Unit tests with DistributedDataParallel

Hi,

when I run unit tests with DistributedDataParallel components I always end up with the following exception:

[W socket.cpp:436] [c10d] The server socket has failed to bind to [::]:29500 (errno: 98 - Address already in use).
[W socket.cpp:436] [c10d] The server socket has failed to bind to 0.0.0.0:29500 (errno: 98 - Address already in use).
[E socket.cpp:472] [c10d] The server socket has failed to listen on any local network address.

This is probably the relevant piece of code:

os.environ['MASTER_ADDR'] = '127.0.0.1'
os.environ['MASTER_PORT'] = '29500'
tdist.init_process_group(backend='gloo', rank=rank, world_size=world_size)

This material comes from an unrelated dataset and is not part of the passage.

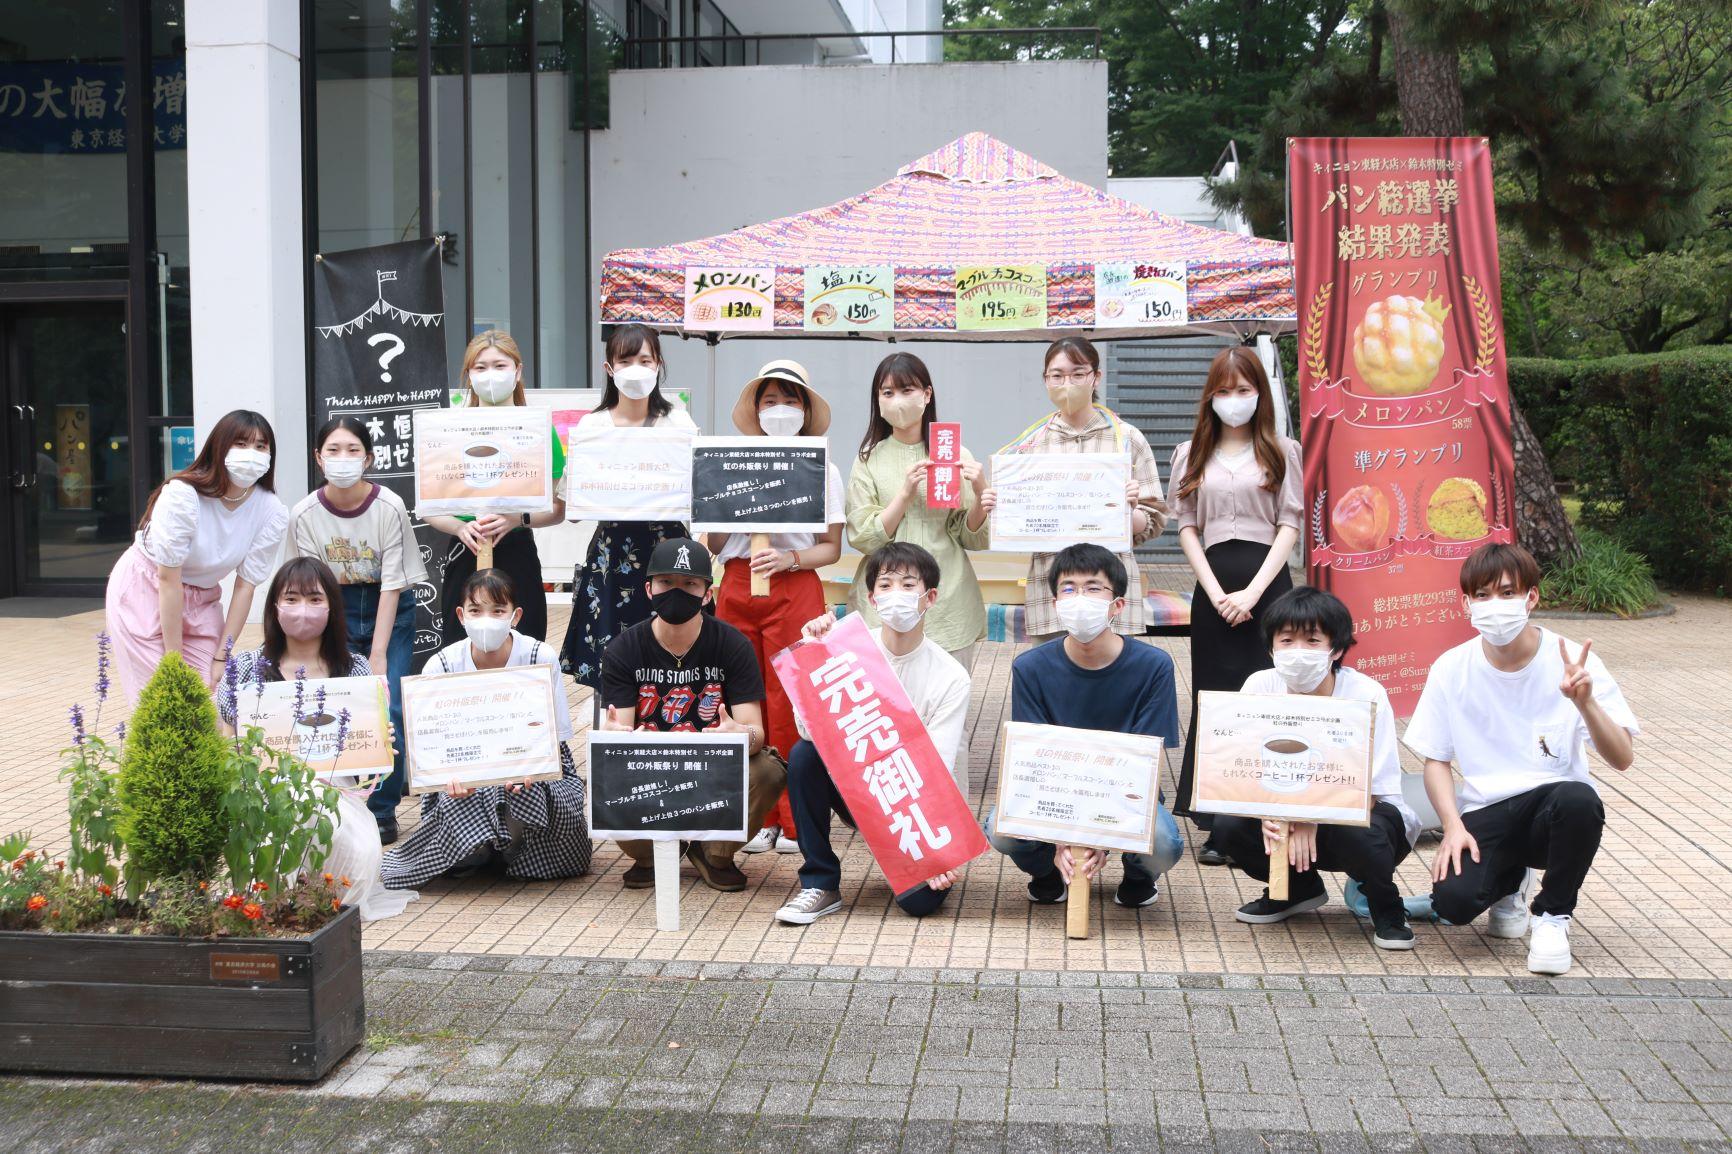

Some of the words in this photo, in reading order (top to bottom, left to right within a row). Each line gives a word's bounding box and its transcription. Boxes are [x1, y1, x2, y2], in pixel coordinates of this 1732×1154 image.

I tried different ports, but I always run into that issue. Outside unittests it works.

Any ideas?

Best,
Thorsten

PS: I’m using the latest nightly

this can happen if the port is already in use. Often the case is that you have launched the same script previously and failed to kill it completely, leaving the port occupied. Also sometimes the case is that another user is using the port. In any case, you could use ps -ef | grep python or htop to view your processes and look for any command lines from your previous runs, and kill them. Or, use netstat and figure out what is using the port.